In the Beginning

My parents’ lives began in Italy. In Southern Italy, to be precise, in the small villages that dot the area below Naples; an Italy that is nothing like the idyllic images Americans may have of Tuscan vineyards, where romantic men ride mopeds and buxom women with impossibly dark eyes hang laundry on the line, grape vines and lemon trees winding along the background as they do in fables.

This is the Italy—especially when my parents were young, in the mid-1950s—of women with whiskers protruding from their cheeks and teeth missing from their mouths, of vendettas, of grievances settled without the law, of dusty brown-and-gray fields sprouted with potato plants and hazelnut trees, of worship of patron saints because curses abounded and people were envious and not afraid to use them to usher in your demise. It was a time and place where magic and Catholicism mixed, where God was often God and the devil in one—He made you suffer and He saved you from even worse suffering—and doctors cost too much to be called upon or they took chickens as payment, but who had a chicken to spare, let alone a lira, so herbs and women with The Sight were used to cure, as were prayers and penance and sacrificial gifts like the one my mother made after her wedding day.
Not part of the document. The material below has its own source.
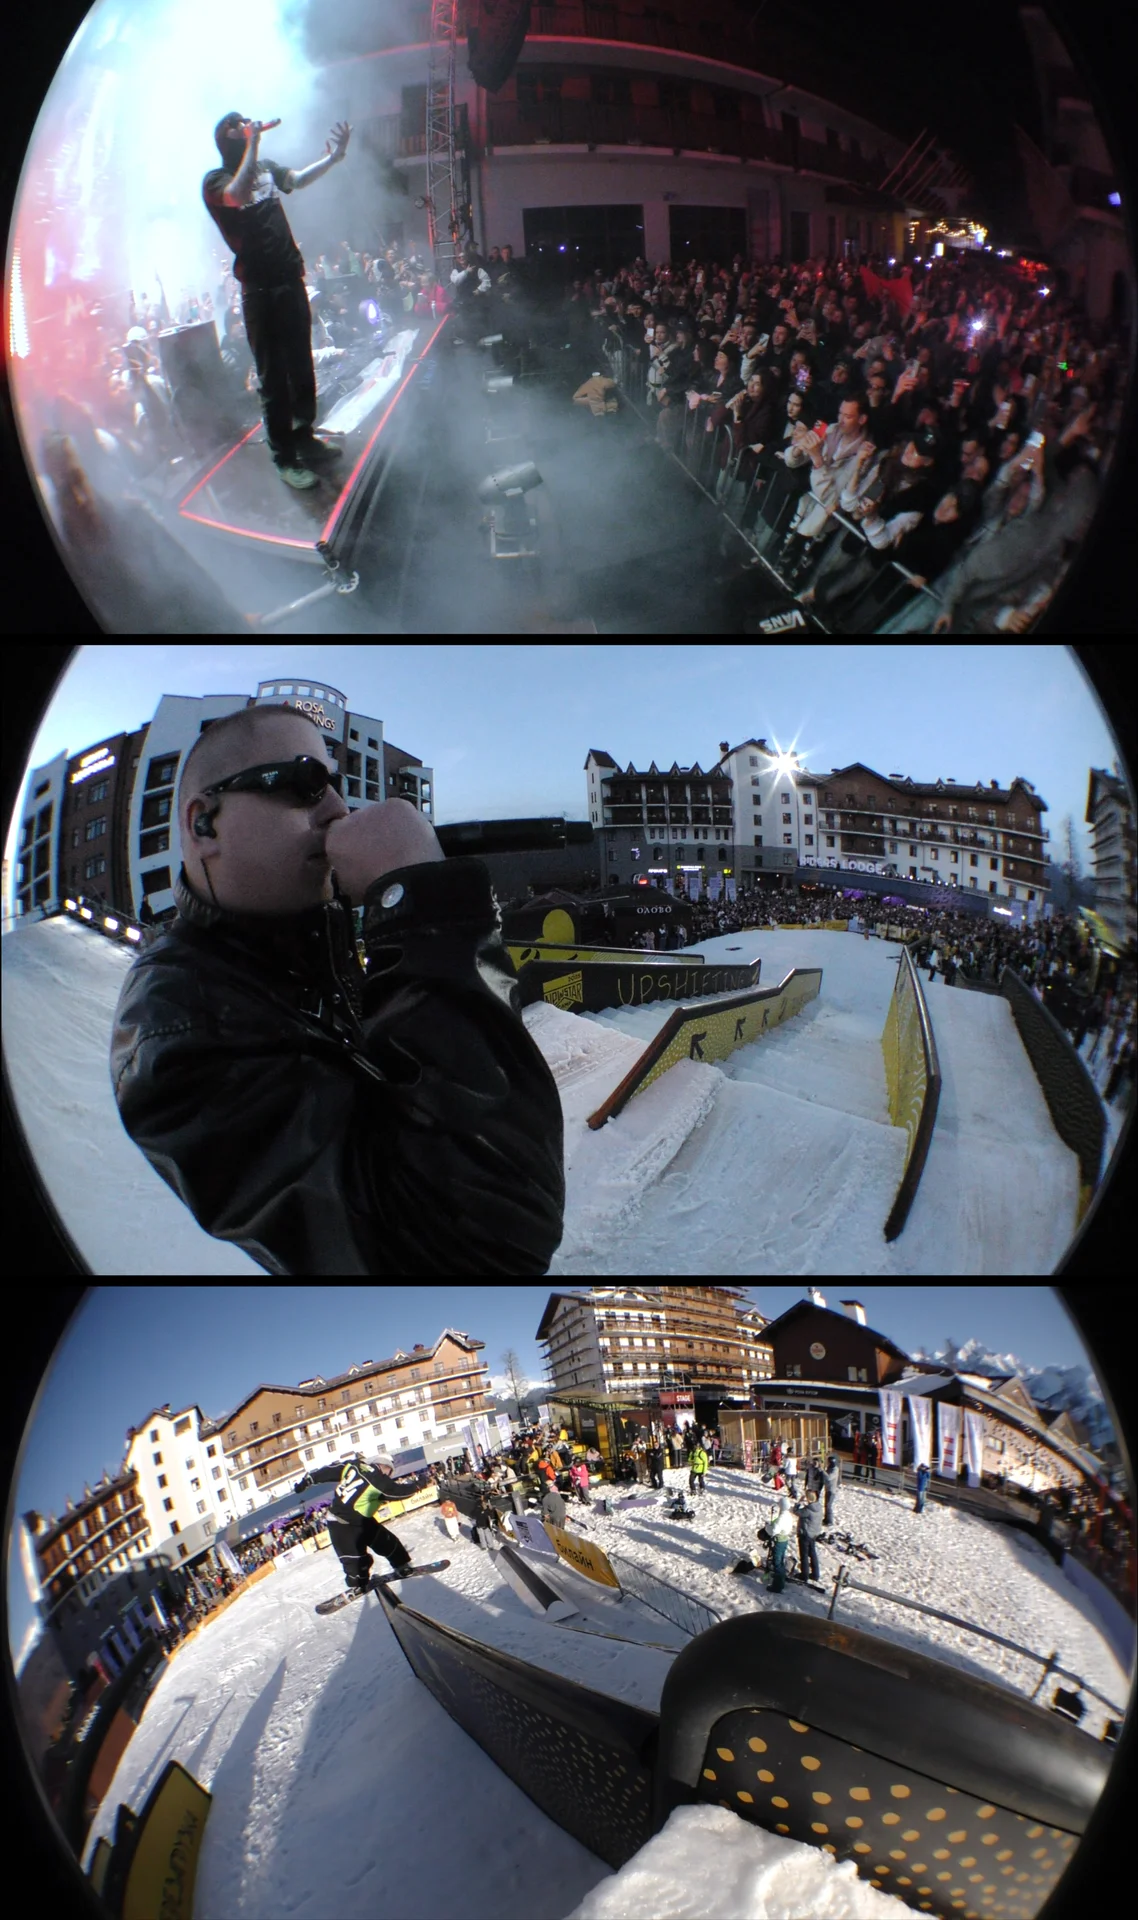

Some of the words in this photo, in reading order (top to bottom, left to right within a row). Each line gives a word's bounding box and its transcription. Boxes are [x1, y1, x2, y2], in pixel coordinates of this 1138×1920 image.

[759, 609, 806, 634] VANS
[295, 700, 325, 715] ROSA
[842, 859, 883, 875] LODGE
[556, 1539, 594, 1571] билайн
She brought her wedding dress to a mountaintop where the church of the Madonna di Montevirgine sat and left the gown on the stairs as offering, asking in return for a blessed marriage.

During Easter, as teenagers, my parents took a fold-out box record player that spun 45s and, along with friends and a lunch of bread, cheese and fruit, traveled up into the mountains to la fontana vecchia, the old fountain, which dates back to the days of antiquity and whose waters, flowing out of the faded stone façade beside the small chapel where the peasants once gathered on high holy days, are deemed the purest a man can drink. There, they danced. A scattering of teenagers breaking the heaviness of the land they were born into with their white pocket t-shirts and pink swinging skirts, breaking the brown monotony of the fields with their laughter, with their records spinning some song by Little Tony or Bobby Solo. In those days, it was both as dark and innocent as that.